Филипп посмотрел на Абдаллу, Гуннара, после чего направился к столу, сел за него, раскрыл баночку с тушью, перебрал гусиные перья, отобрал несколько и, развернув пергамент, стал что-то быстро писать.
Абдалла молча сел на ковер и, закрыв глаза, стал что-то тихо напевать – судя по всему, он молился перед трудным испытанием, прося Аллаха ниспослать ему отвагу, выдержку и победу. Гуннар молча подошел к окну, зевнул, долгим и неотрывным взглядом смотрел в непроглядную ночную темень, окутавшую замок и городок, потом развернулся, направился к столу, взял кувшин с вином, налил себе большой кубок вина и молча осушил его. В этот момент звенящей тишины и пика душевного напряжения каждый из них старался справиться со своими страхами и сомнениями в одиночку…
Кардифф. Лес в полу-лье к востоку от города. 20 ноября 1133г. Полночь.
– Мессир де Ипр! – Рыцарь заглянул в шалаш, где тихо дремали Гийом и граф Глостер, не дожидаясь, когда кто-то из командиров проснется, он громко произнес. – В Кардиффе пожар и паника! Слышен набат городской церкви!..
– Ну, вот и началось… – открыв глаза, обреченным голосом произнес Робер Глостер.
Гийом резко поднялся и сел, протер глаза, тряхнул головой, отгоняя остатки сна, зевнул, взглянул на рыцаря, потом на Глостера, грустно улыбнулся и ответил:
– Все, как я и предполагал… – он поднялся на ноги, взял кувшин и, поднеся его ко рту, сделал несколько больших глотков красного вина, но поперхнулся и пролил его себе на грудь, запачкав свой некогда белый сюркот, ставший к этому моменту грязно-серо-бурым. Он скептически оглядел себя, улыбнулся и, качая головой, прибавил. – Крови-то сегодня будет…
Глостер скосил в его сторону взгляд, нервно почесал щеку и сказал:
– Однако, де Ипр, вы весьма суеверны!
Гийом поправил перевязь меча, подтянул ремешки шпор, надел на голову войлочный чепец с валиком для смягчения силы ударов, приходившихся по шлему, аккуратно надел кольчужный капюшон-хауберк, взял шлем и молча вышел из шалаша на открытый воздух.

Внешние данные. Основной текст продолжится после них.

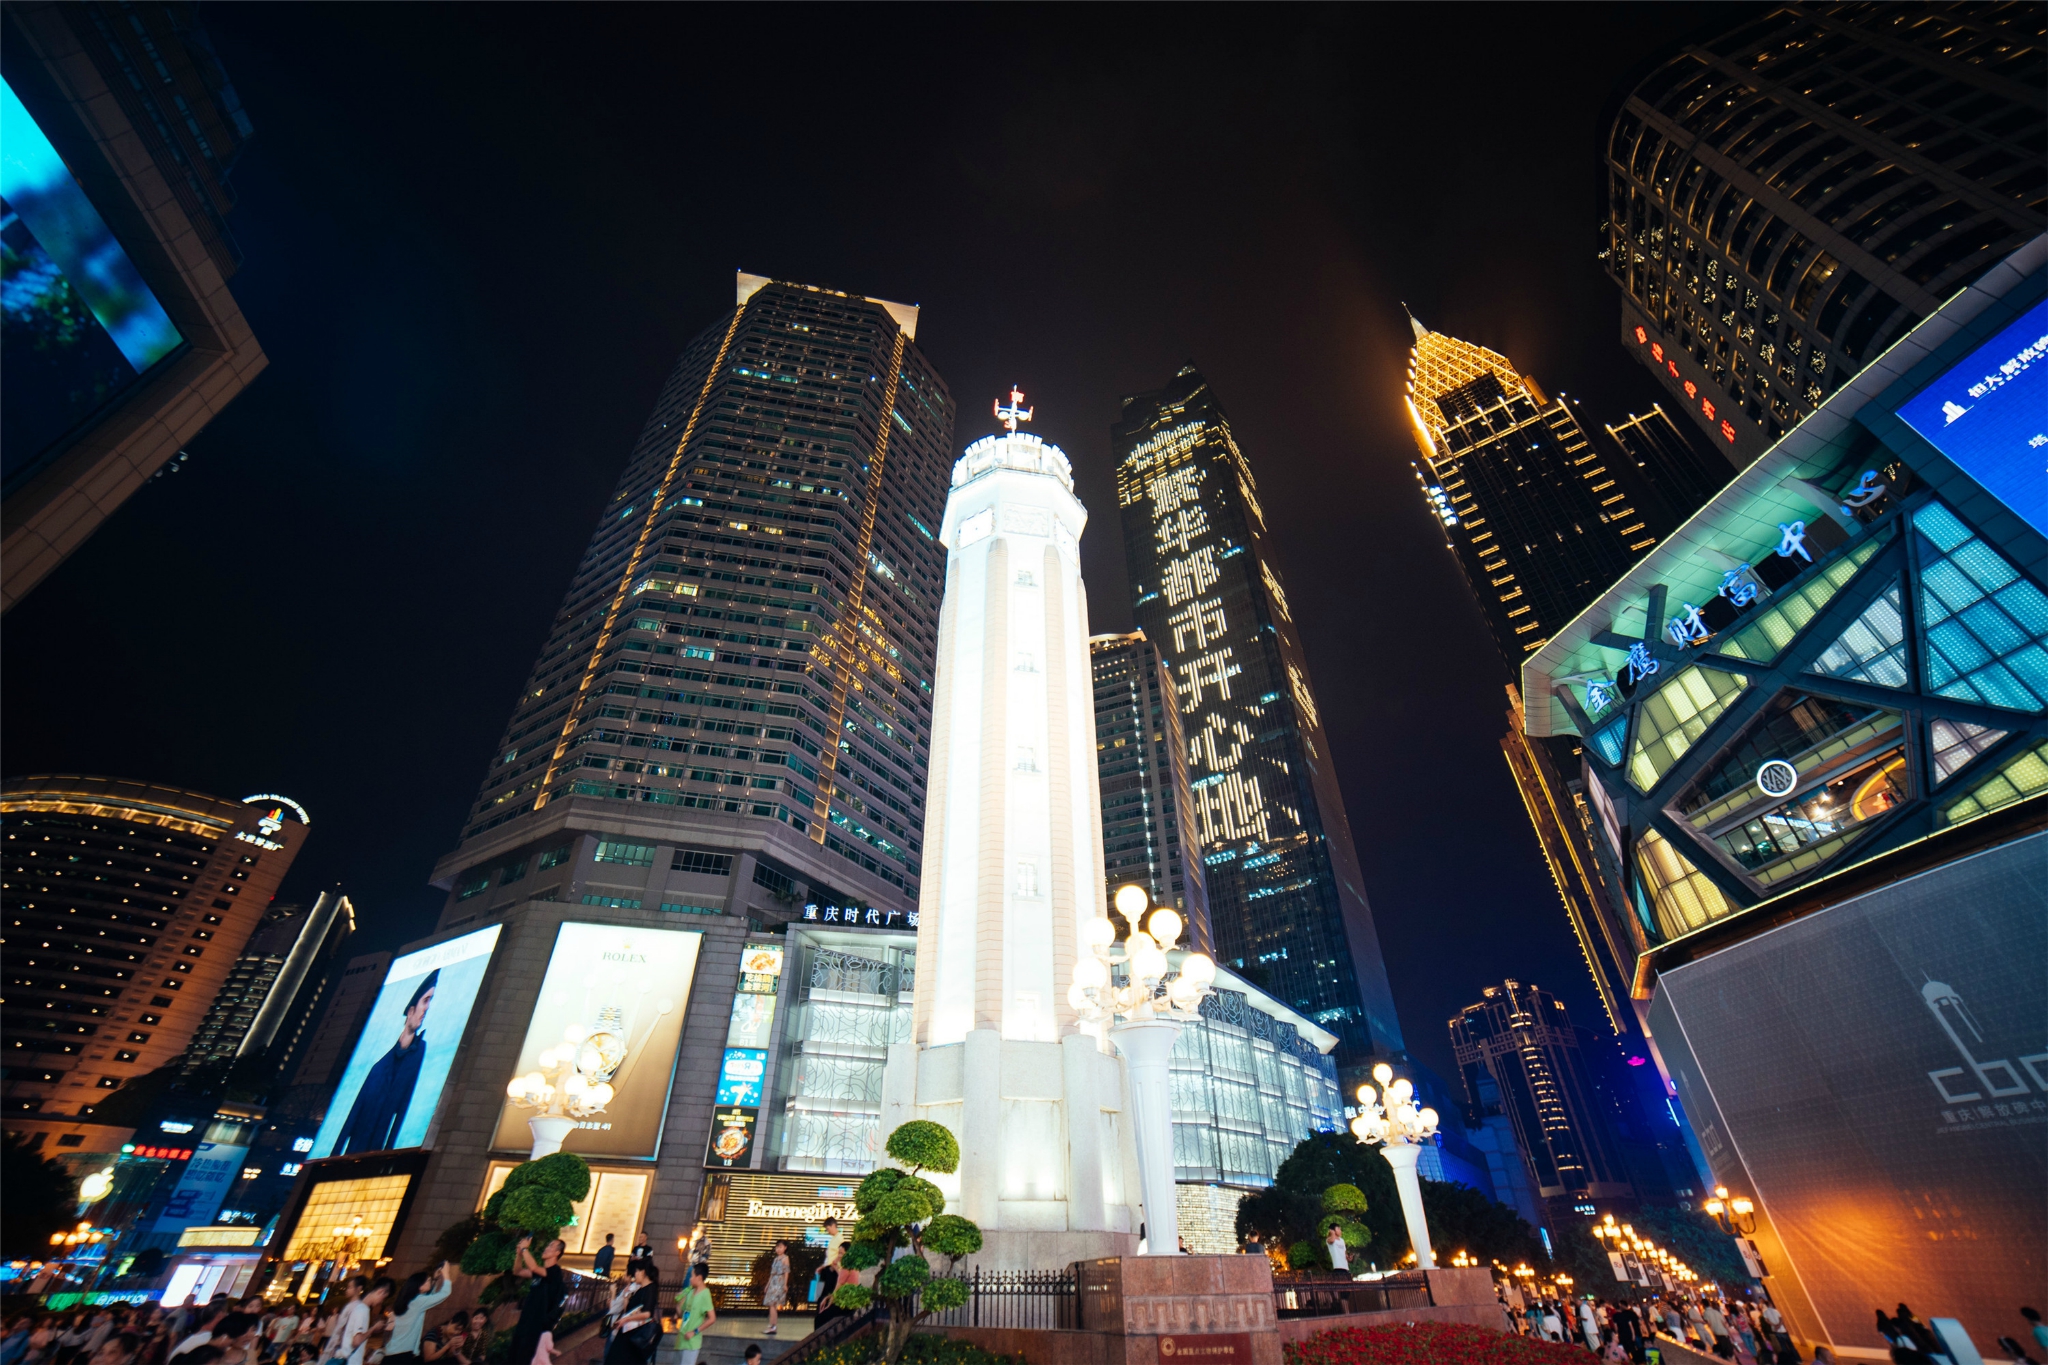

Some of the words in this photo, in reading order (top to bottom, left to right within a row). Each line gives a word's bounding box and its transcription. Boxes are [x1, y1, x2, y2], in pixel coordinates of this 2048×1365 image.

[1585, 470, 1886, 713] 金鹰财富中心
[803, 904, 920, 927] 重庆时代广场
[602, 951, 647, 963] ROLEX
[746, 1200, 841, 1223] Ermenegildo

Ночь раскинулась над ним во всем своем великолепии. Мириады звезд, искрясь синеватыми, красноватыми и серебристыми драгоценными камнями, рассыпались по иссиня-черному небу. Едва заметные серые тени облачков, подсвеченные голубоватым сиянием луны, легко проносились в полной тишине.
Гийом расправил плечи, потянулся и, сложив руки рупором, громко прокричал:
– Лагерь, подъем! Мессиры, тревога!..
В мгновение ока лагерь, представлявший собой множество навесов и шалашей, ожил. Отовсюду послышался шум, мужские голоса, бряцанье оружия, шутки, смешки и недовольное ворчание тех, кто еще толком не пробудился ото сна.
Оруженосцы заспешили к своим сеньорам, неся зажженные факелы и вооружение, конюшие направились к лошадям, послышалось конское ржание…
– Все в порядке, жизнь продолжается… – улыбнувшись, но как-то грустно на этот раз, резюмировал де Ипр. Он развернулся к Глостеру, вылезшему из шалаша, кивнул в сторону воинов. – Через полчаса, граф, мы будем готовы к маршу…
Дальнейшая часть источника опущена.